Thomas Burris, the UF pharmacy professor
“When administered to mice, the drug prompts their entire body metabolism to switch to utilizing fatty acids, mirroring what happens during human fasting or exercise. Consequently, the animals begin to lose weight.”
Burris
Burris, along with researchers from Washington University in St. Louis and St. Louis University, published their findings on September 22nd in the Journal of Pharmacology and Experimental Therapeutics.
The new drug targets a specific group of proteins within the body called ERRs, responsible for activating crucial metabolic pathways in energy-demanding tissues like muscles, the heart, and the brain. While ERRs become more active during exercise, stimulating them with drugs has proven challenging.
Building on their initial success, researchers published additional findings in March, detailing the successful design of SLU-PP-332 to stimulate ERR activity. They observed the compound’s ability to empower normal-weight mice to run 70% longer and 45% further compared to untreated counterparts.
The latest research applied the drug to obese mice. Treatment over a month resulted in 10 times less fat gain and a 12% body weight reduction compared to the control group. Remarkably, food intake and exercise levels remained unchanged.
“This translates to increased basal energy expenditure.”
Burris
Upcoming research from the Burris lab indicates the compound’s potential in treating heart failure through heart muscle strengthening in mice.
Safety assessments remain positive, with no severe side effects reported. Further development of SLU-PP-332 involves structural refinement, aiming for oral administration rather than injection. Subsequent testing in more animal models will evaluate safety before potential human trials.
Although prior attempts at developing exercise mimetics haven’t reached market due to lengthy development timelines and the inherent complexities of targeting obesity, the success of drugs like Ozempic, Wegovy, and Mounjaro (initially intended for diabetes treatment but demonstrating weight loss effects) has revitalized research and funding in this arena.
Burris highlights the drug’s potential for preserving muscle mass during weight loss (often accompanied by lean muscle loss) or during aging, a period when exercise effectiveness naturally declines. Further research is necessary to fully understand its potential.
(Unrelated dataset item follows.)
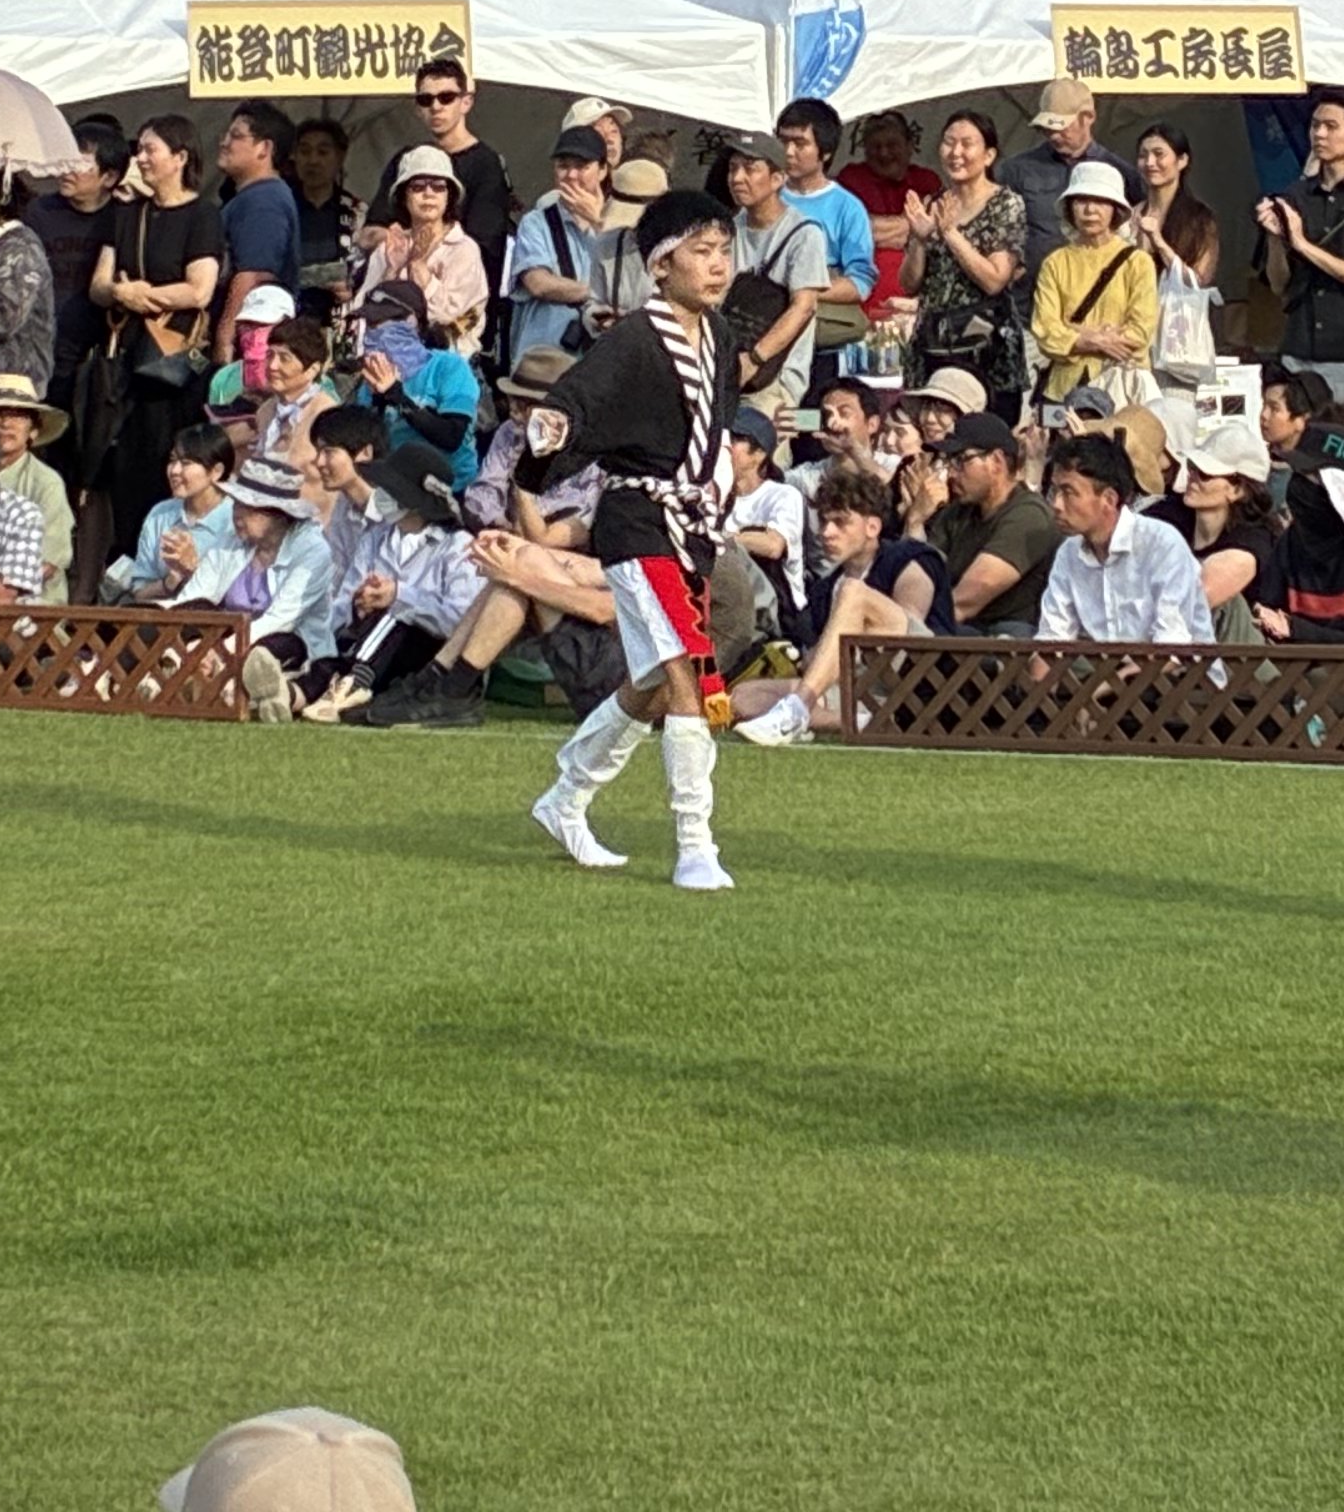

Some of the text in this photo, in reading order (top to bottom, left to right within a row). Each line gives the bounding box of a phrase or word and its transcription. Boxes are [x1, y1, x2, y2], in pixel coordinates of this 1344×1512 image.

[1063, 25, 1297, 80] 輪島工房長屋
“This holds promise for improved health maintenance throughout life.”
Burris
Abstract
Physical exercise induces physiologic adaptations and is effective at reducing the risk of premature death from all causes. Pharmacological exercise mimetics may be effective in the treatment of a range of diseases including obesity and metabolic syndrome. Previously, we described the development of SLU-PP-332, an agonist for the estrogen-related receptor (ERR)α, β, and γ nuclear receptors that activates an acute aerobic exercise program. Here we examine the effects of this exercise mimetic in mouse models of obesity and metabolic syndrome. Diet-induced obese or ob/ob mice were administered SLU-PP-332, and the effects on a range of metabolic parameters were assessed. SLU-PP-332 administration mimics exercise-induced benefits on whole-body metabolism in mice including increased energy expenditure and fatty acid oxidation. These effects were accompanied by decreased fat mass accumulation. Additionally, the ERR agonist effectively reduced obesity and improved insulin sensitivity in models of metabolic syndrome. Pharmacological activation of ERR may be an effective method to treat metabolic syndrome and obesity.
SIGNIFICANCE STATEMENT An estrogen receptor-related orphan receptor agonist, SLU-PP-332, with exercise mimetic activity, holds promise as a therapeutic to treat metabolic diseases by decreasing fat mass in mouse models of obesity.